Source material section start

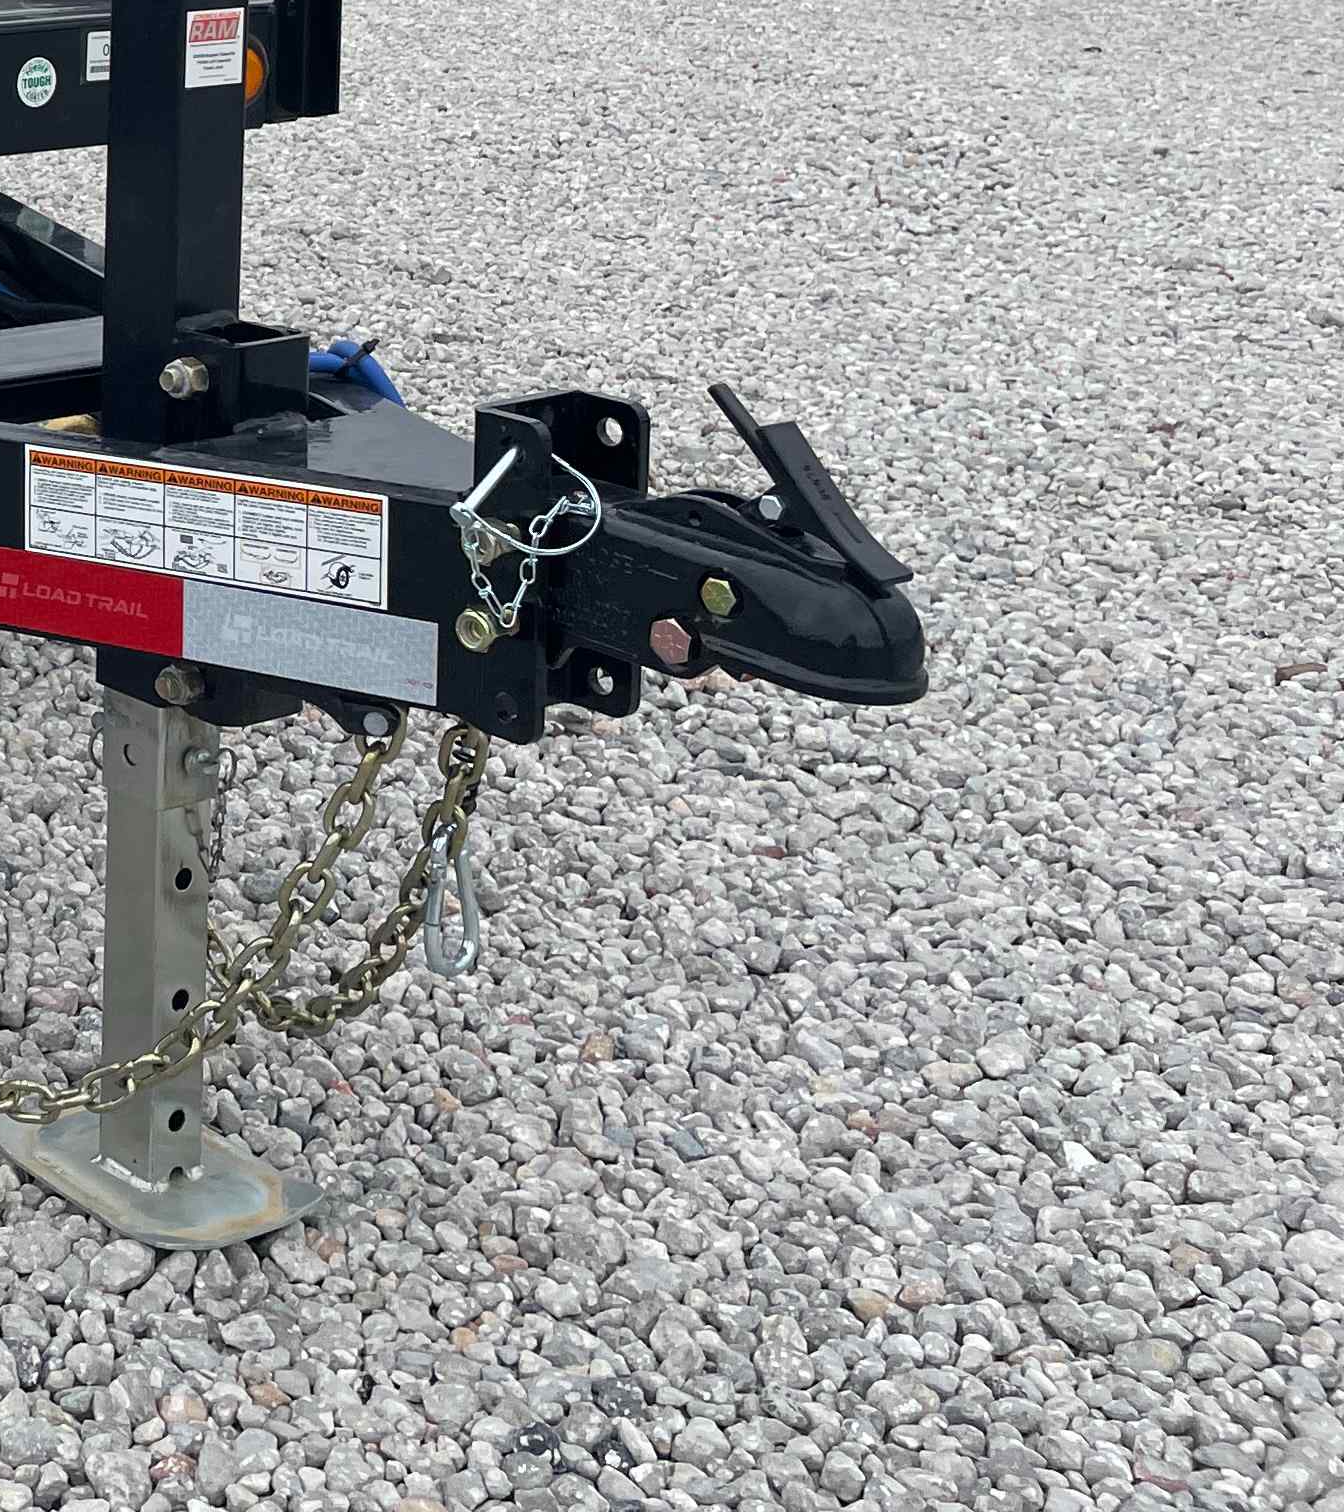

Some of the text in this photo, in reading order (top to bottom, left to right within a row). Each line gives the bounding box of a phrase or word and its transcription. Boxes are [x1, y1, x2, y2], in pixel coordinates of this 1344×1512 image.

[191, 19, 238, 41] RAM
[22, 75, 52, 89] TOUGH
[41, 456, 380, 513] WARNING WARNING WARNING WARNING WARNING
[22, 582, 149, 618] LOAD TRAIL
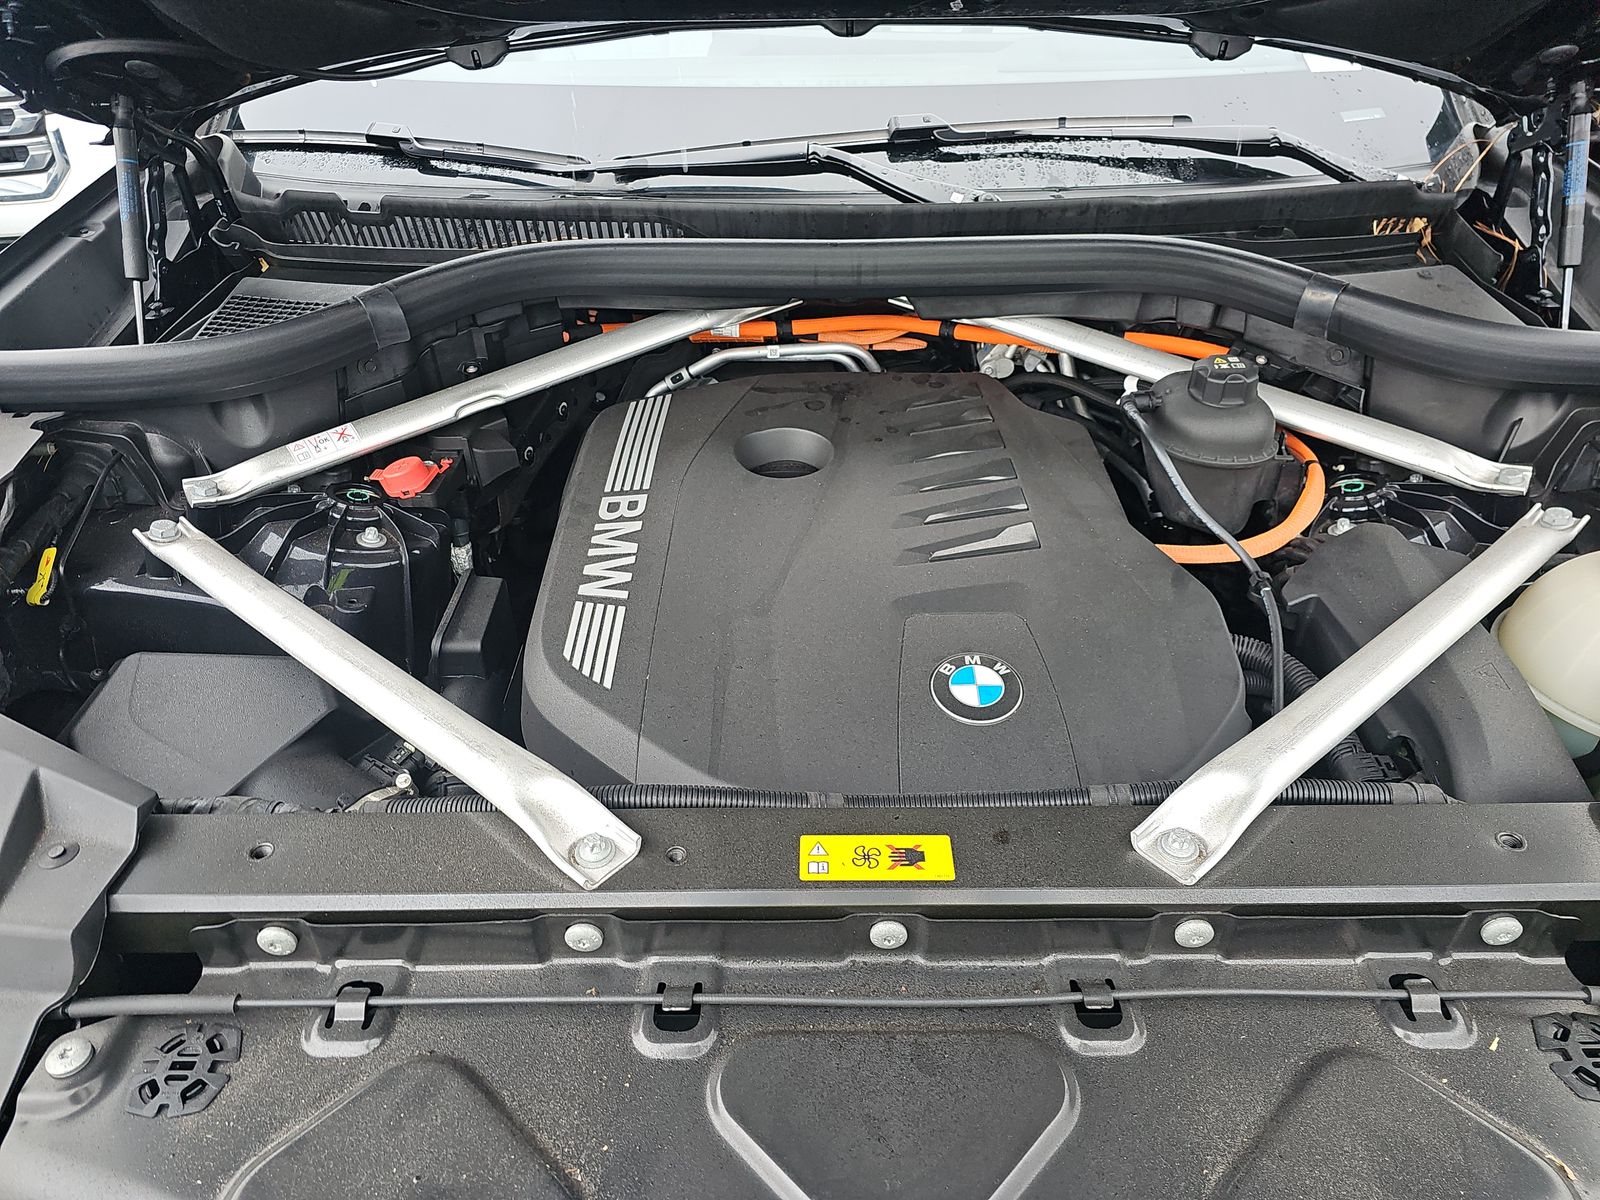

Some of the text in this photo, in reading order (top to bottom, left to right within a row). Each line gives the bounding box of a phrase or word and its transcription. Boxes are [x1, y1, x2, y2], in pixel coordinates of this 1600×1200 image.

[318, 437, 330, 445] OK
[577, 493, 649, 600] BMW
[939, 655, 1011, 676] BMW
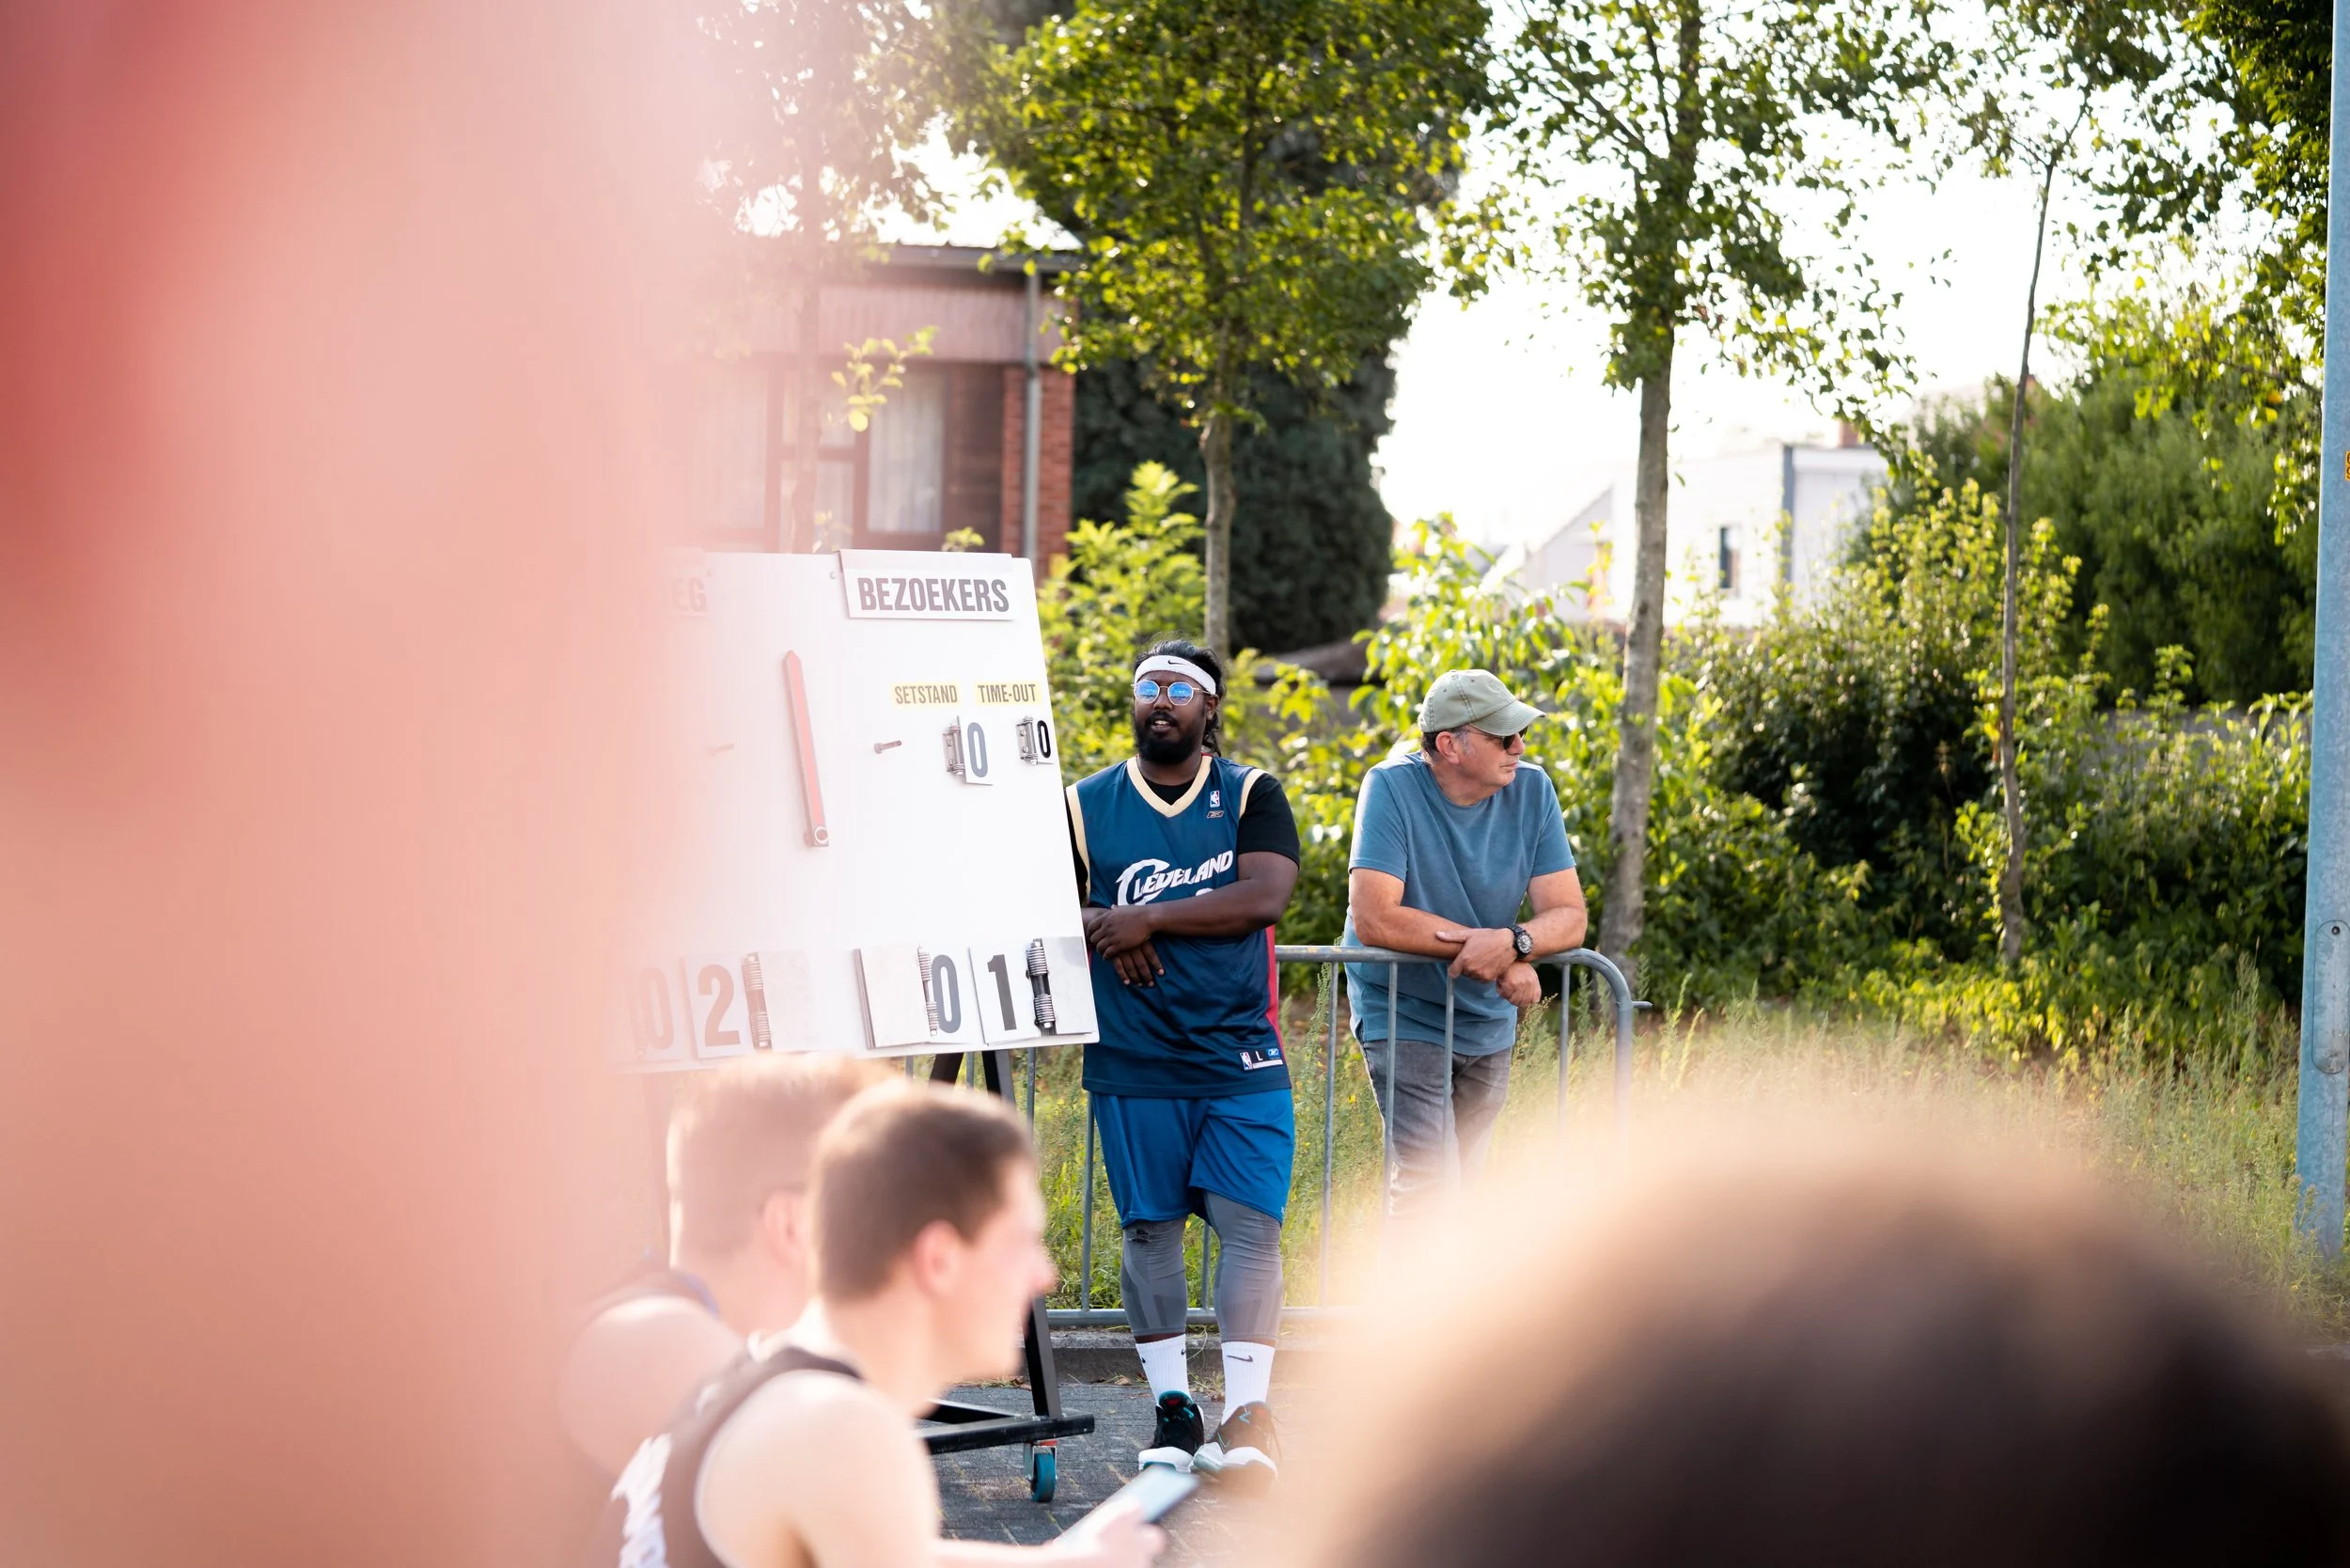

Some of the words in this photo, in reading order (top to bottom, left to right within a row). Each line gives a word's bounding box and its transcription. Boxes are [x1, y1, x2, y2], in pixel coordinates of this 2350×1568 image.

Source material section end

## Your goal
Once the line containing "this 1600×1200 image." is found, transcribe it and every line after it to the end of the records, exactly and with no pictures.

## Result for this task
Some of the text in this photo, in reading order (top to bottom, left to right within a row). Each line gives the bounding box of a phrase or word and its transcription. Boxes are [x1, y1, x2, y2], in pixel coordinates of this 1600×1200 image.

[318, 437, 330, 445] OK
[577, 493, 649, 600] BMW
[939, 655, 1011, 676] BMW

Some of the words in this photo, in reading order (top to bottom, left to right within a row). Each line gives a word's bounding box and its transcription. Boxes are [x1, y1, x2, y2], in pixel coordinates of this 2350×1568 image.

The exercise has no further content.